What to produce >> Once the pictures are set aside, transcribe each line of the listing exactly.
—————
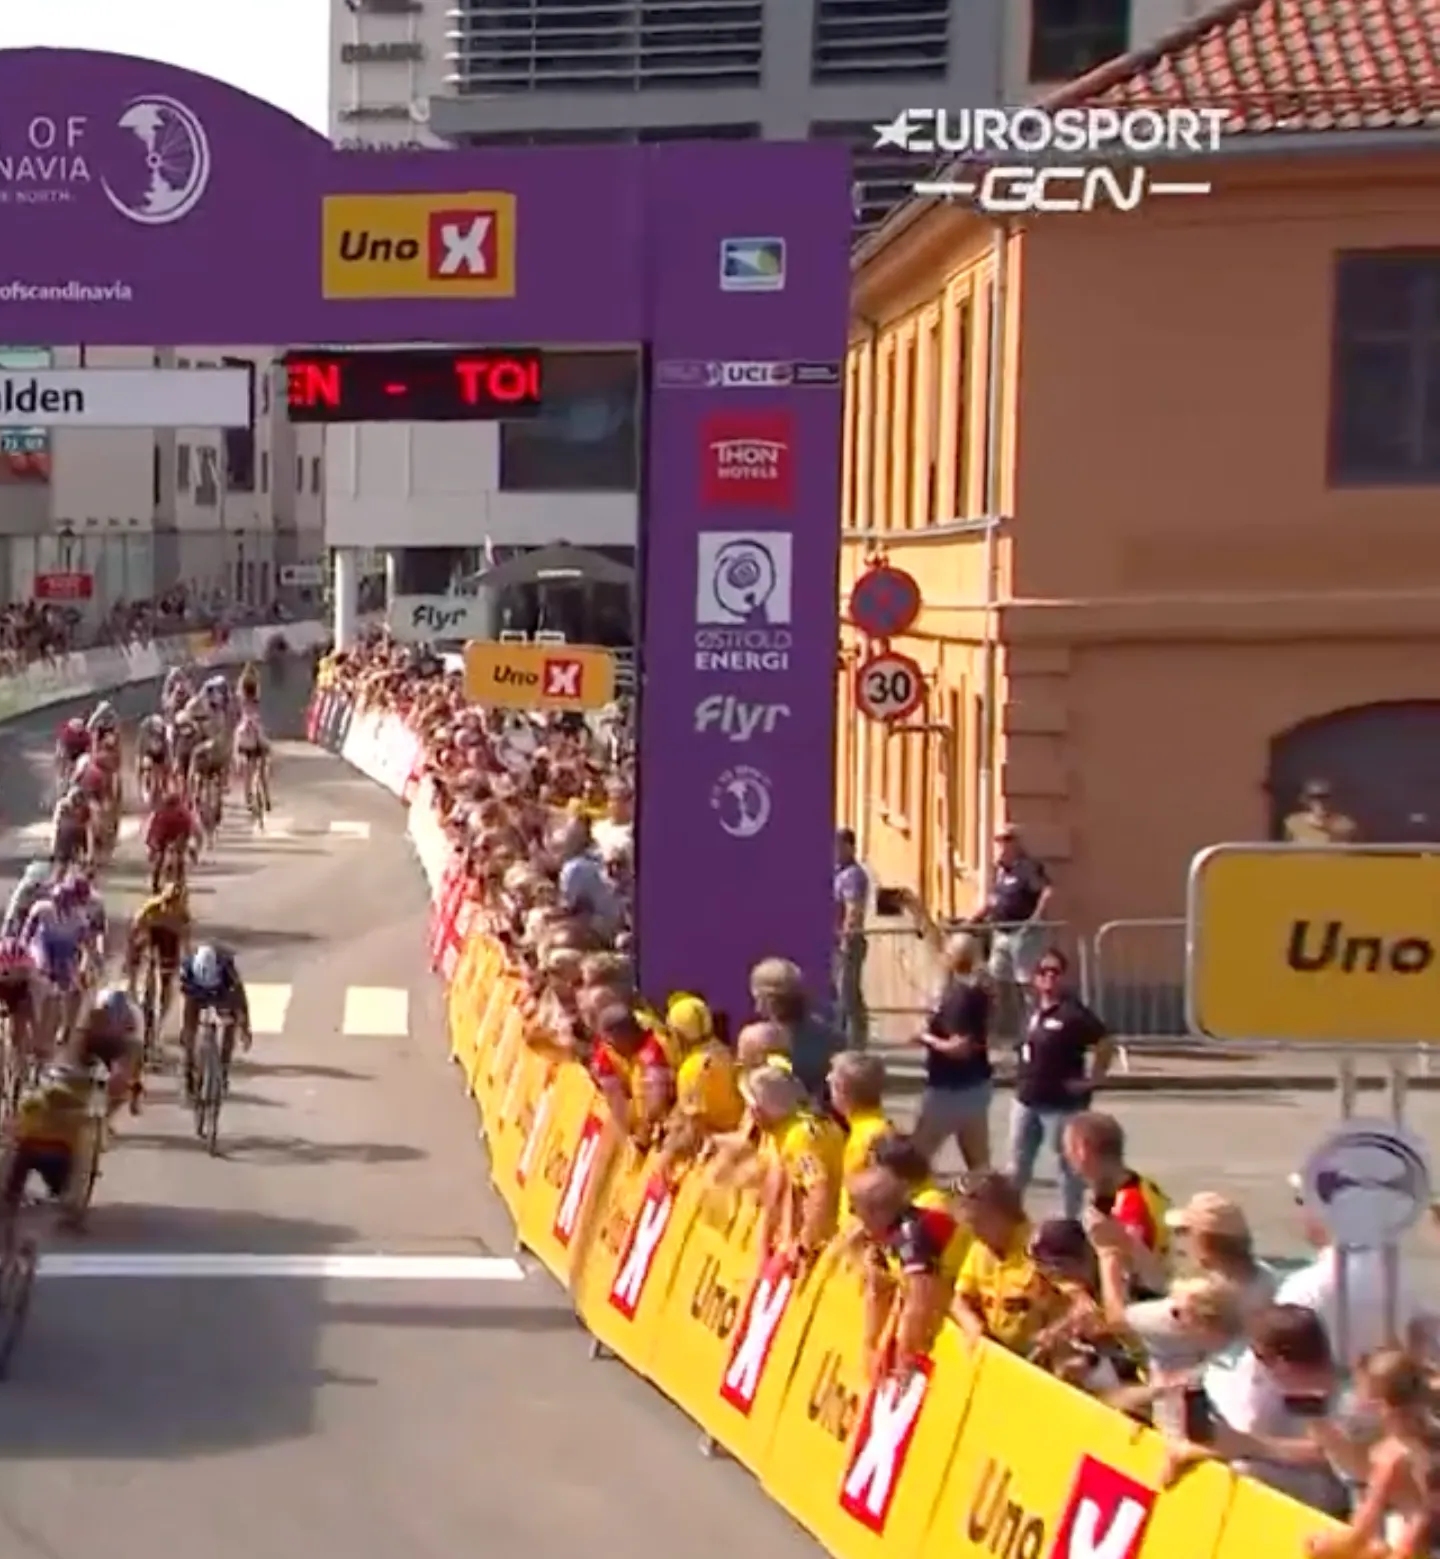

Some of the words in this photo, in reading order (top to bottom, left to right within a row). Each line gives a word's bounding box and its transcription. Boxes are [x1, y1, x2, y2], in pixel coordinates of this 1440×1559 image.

[28, 117, 88, 150] OF
[339, 230, 420, 262] Uno
[437, 214, 492, 275] X
[727, 365, 768, 382] UCI
[716, 442, 780, 465] THON
[717, 466, 779, 480] HOTELS
[411, 604, 468, 632] Flyr
[492, 664, 539, 687] Uno
[546, 661, 580, 695] X
[694, 651, 789, 671] ENERGI
[867, 670, 911, 704] 30
[693, 693, 792, 742] Flyr
[1287, 920, 1434, 975] Uno
[690, 1253, 740, 1341] Uno
[725, 1272, 792, 1401] X
[807, 1349, 859, 1443] Uno
[845, 1369, 928, 1520] X
[967, 1457, 1046, 1559] Uno
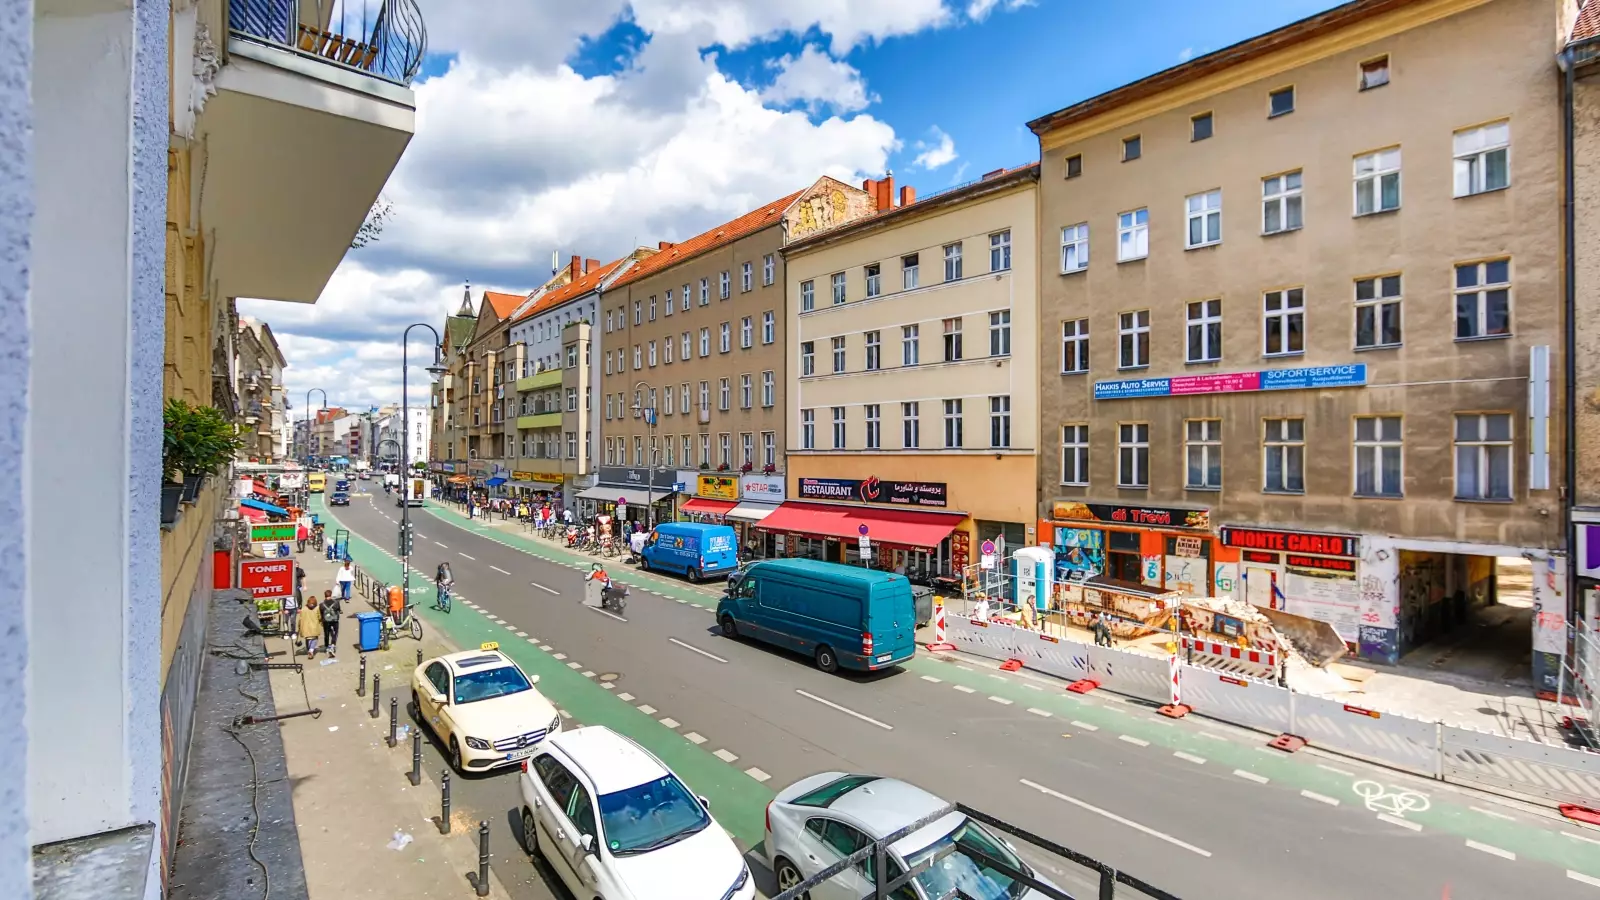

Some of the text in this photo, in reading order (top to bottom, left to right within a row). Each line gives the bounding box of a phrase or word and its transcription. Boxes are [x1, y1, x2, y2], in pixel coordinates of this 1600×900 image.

[1267, 365, 1357, 379] SOFORTSERVICE
[1095, 383, 1120, 391] HAKKIS
[1120, 381, 1140, 390] AUTO
[1141, 380, 1170, 388] SERVICE
[751, 483, 769, 492] STAR
[803, 485, 853, 496] RESTAURANT
[1111, 509, 1171, 524] di Trevi
[1231, 529, 1285, 550] MONTE
[1287, 534, 1343, 555] CARLO
[248, 565, 287, 573] TONER
[262, 575, 272, 583] &
[252, 585, 283, 594] TINTE
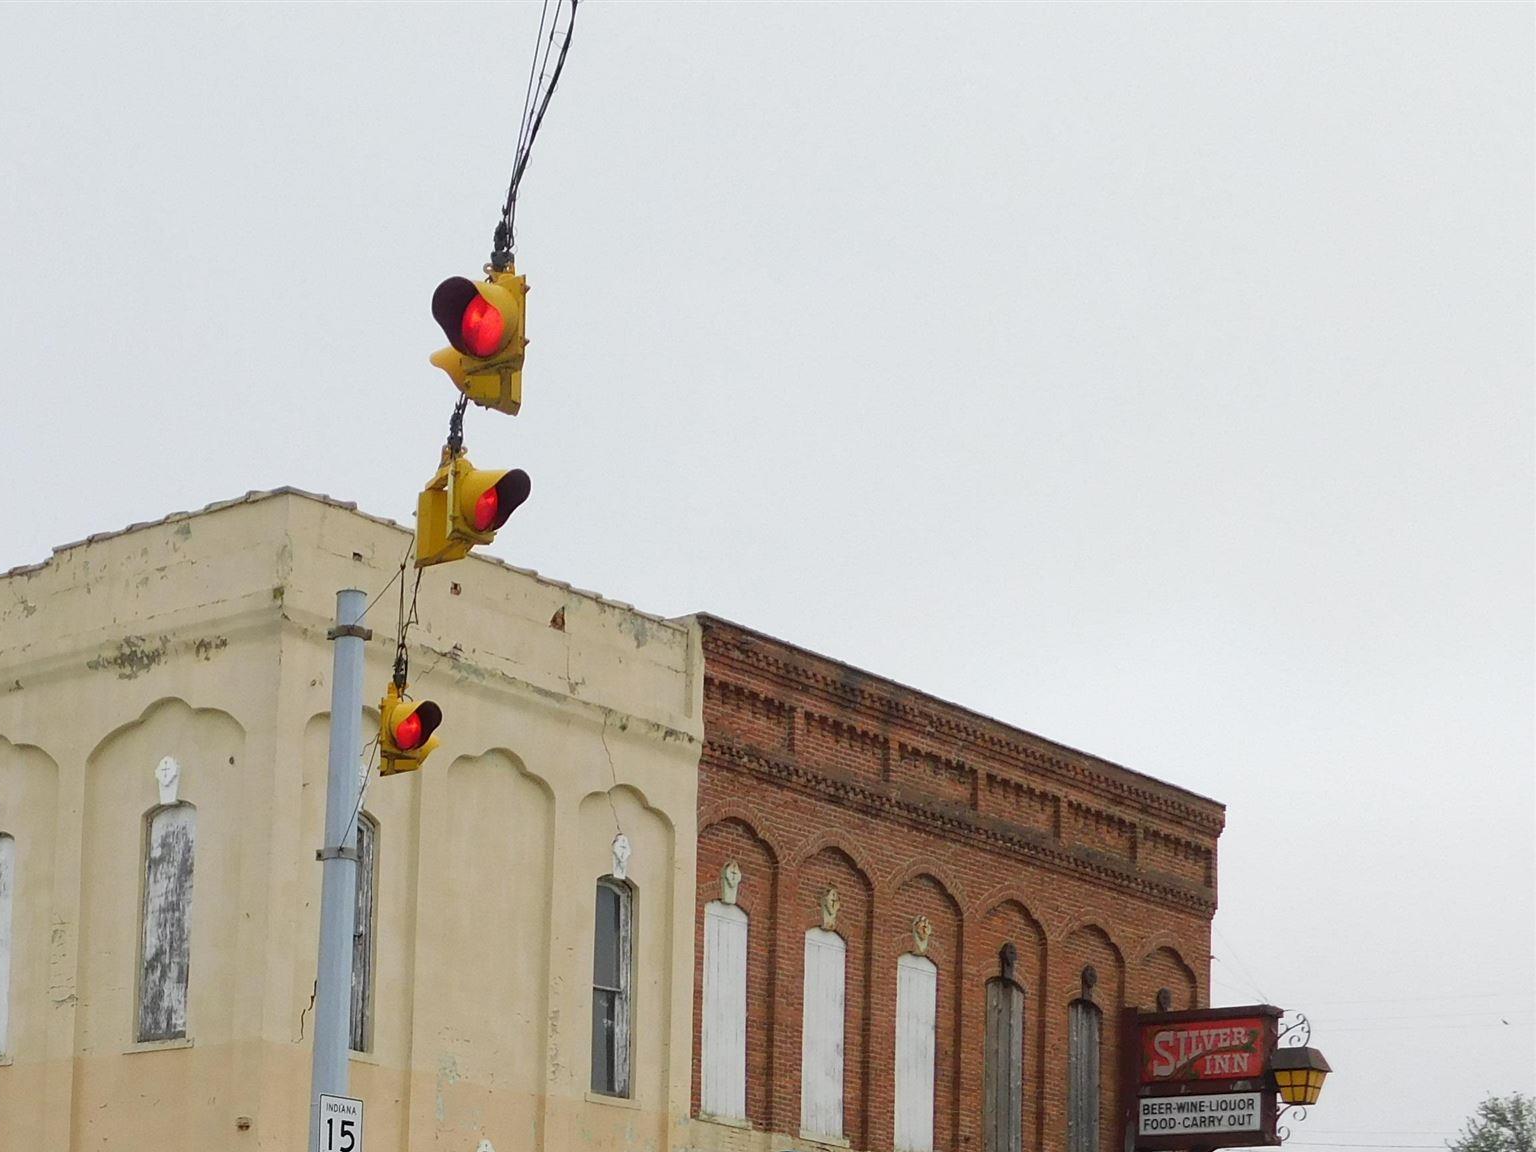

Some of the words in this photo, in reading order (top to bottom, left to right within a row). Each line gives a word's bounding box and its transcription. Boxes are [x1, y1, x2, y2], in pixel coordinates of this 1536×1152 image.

[1152, 1026, 1249, 1077] SILVER
[1204, 1052, 1250, 1075] INN
[325, 1102, 357, 1116] INDIANA
[1227, 1113, 1254, 1127] OUT
—————
Solution >>
Some of the words in this photo, in reading order (top to bottom, left to right within a row). Each line gives a word's bounding box and its transcription. Boxes are [x1, y1, x2, y2], in pixel coordinates of this 1440×1559 image.

[28, 117, 88, 150] OF
[339, 230, 420, 262] Uno
[437, 214, 492, 275] X
[727, 365, 768, 382] UCI
[716, 442, 780, 465] THON
[717, 466, 779, 480] HOTELS
[411, 604, 468, 632] Flyr
[492, 664, 539, 687] Uno
[546, 661, 580, 695] X
[694, 651, 789, 671] ENERGI
[867, 670, 911, 704] 30
[693, 693, 792, 742] Flyr
[1287, 920, 1434, 975] Uno
[690, 1253, 740, 1341] Uno
[725, 1272, 792, 1401] X
[807, 1349, 859, 1443] Uno
[845, 1369, 928, 1520] X
[967, 1457, 1046, 1559] Uno

Some of the text in this photo, in reading order (top to bottom, left to right within a row). Each line gives the bounding box of a phrase or word and its transcription. Boxes are [x1, y1, x2, y2], in pixel coordinates of this 1600×900 image.

[1267, 365, 1357, 379] SOFORTSERVICE
[1095, 383, 1120, 391] HAKKIS
[1120, 381, 1140, 390] AUTO
[1141, 380, 1170, 388] SERVICE
[751, 483, 769, 492] STAR
[803, 485, 853, 496] RESTAURANT
[1111, 509, 1171, 524] di Trevi
[1231, 529, 1285, 550] MONTE
[1287, 534, 1343, 555] CARLO
[248, 565, 287, 573] TONER
[262, 575, 272, 583] &
[252, 585, 283, 594] TINTE

Some of the words in this photo, in reading order (top to bottom, left to right within a row). Each line gives a word's bounding box and its transcription. Boxes are [x1, y1, x2, y2], in pixel coordinates of this 1536×1152 image.

[1152, 1026, 1249, 1077] SILVER
[1204, 1052, 1250, 1075] INN
[325, 1102, 357, 1116] INDIANA
[1227, 1113, 1254, 1127] OUT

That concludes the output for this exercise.